#### GIVEN RECORDS

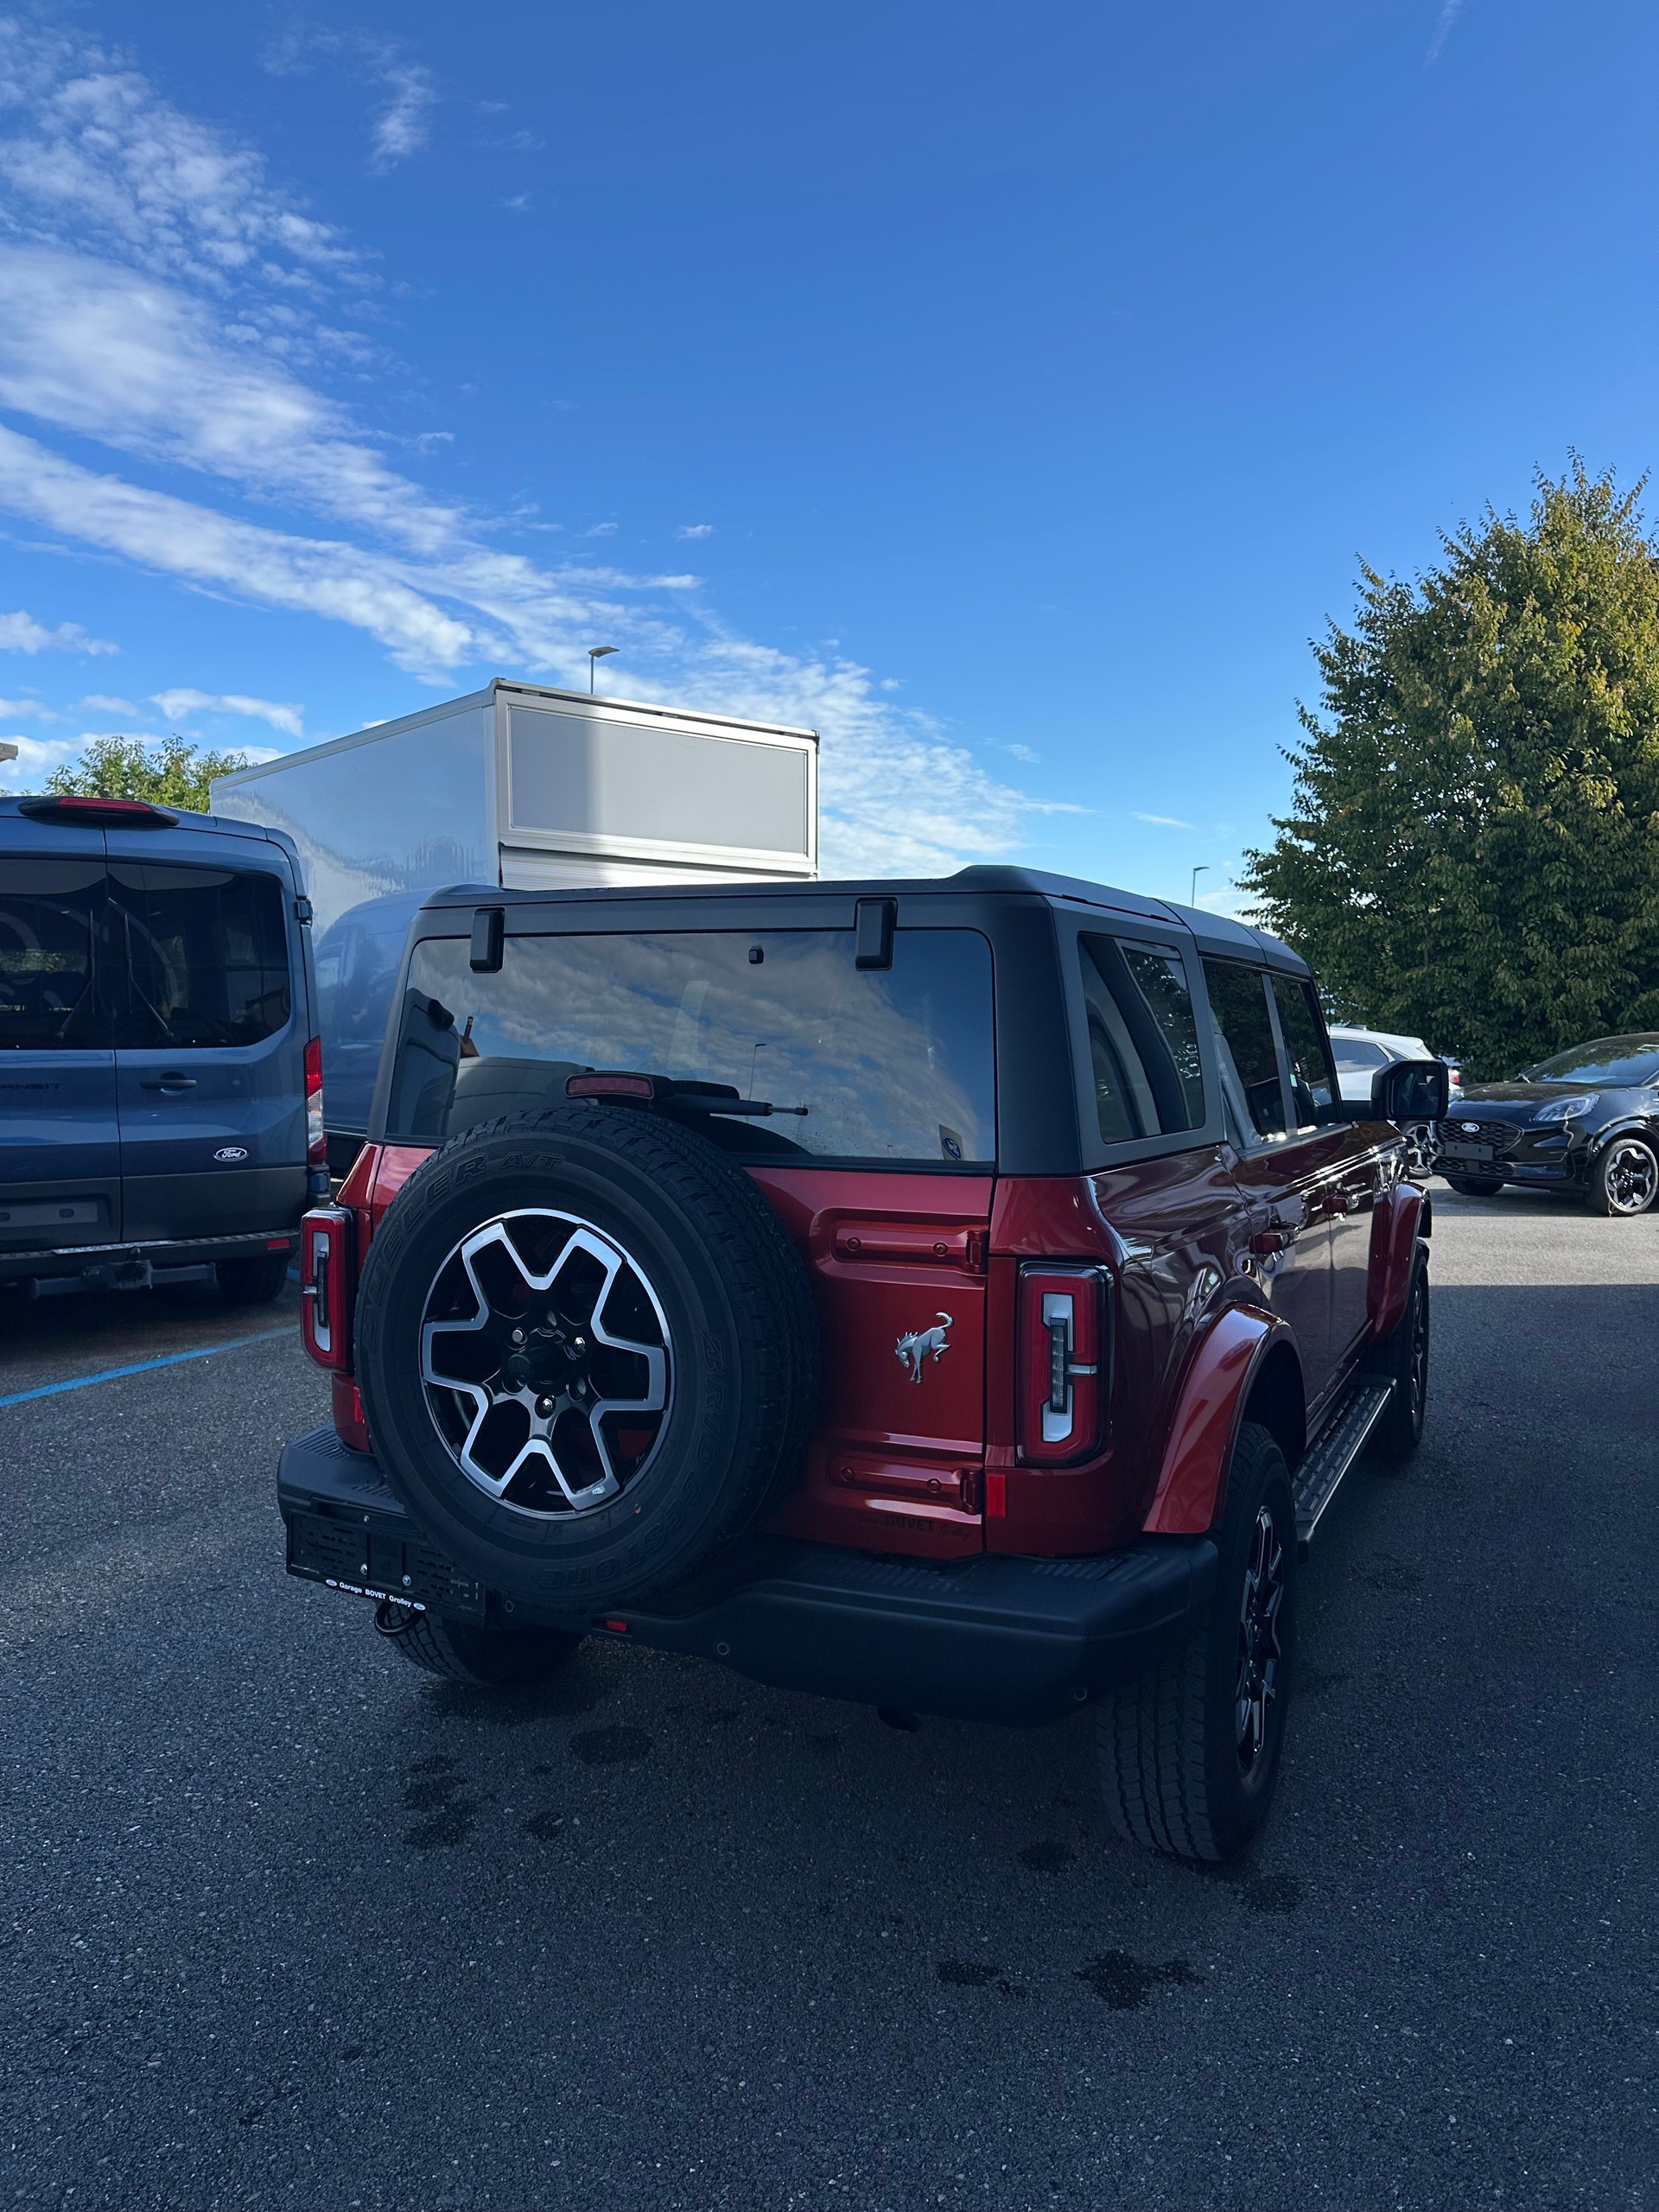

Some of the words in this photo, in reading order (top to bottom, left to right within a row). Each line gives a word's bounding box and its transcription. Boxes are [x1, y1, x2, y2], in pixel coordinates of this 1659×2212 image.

[499, 1150, 565, 1171] A/T
[539, 1330, 729, 1590] BRIDGESTONE
[339, 1582, 363, 1593] Garage
[365, 1588, 386, 1599] BOVET
[389, 1595, 411, 1607] Grolley

########

### YOUR GOAL
Reproduce all lines above exactly. Leave the images out.

### RESPONSE TO THE EXERCISE
Some of the words in this photo, in reading order (top to bottom, left to right within a row). Each line gives a word's bounding box and its transcription. Boxes are [x1, y1, x2, y2], in pixel coordinates of this 1659×2212 image.

[499, 1150, 565, 1171] A/T
[539, 1330, 729, 1590] BRIDGESTONE
[339, 1582, 363, 1593] Garage
[365, 1588, 386, 1599] BOVET
[389, 1595, 411, 1607] Grolley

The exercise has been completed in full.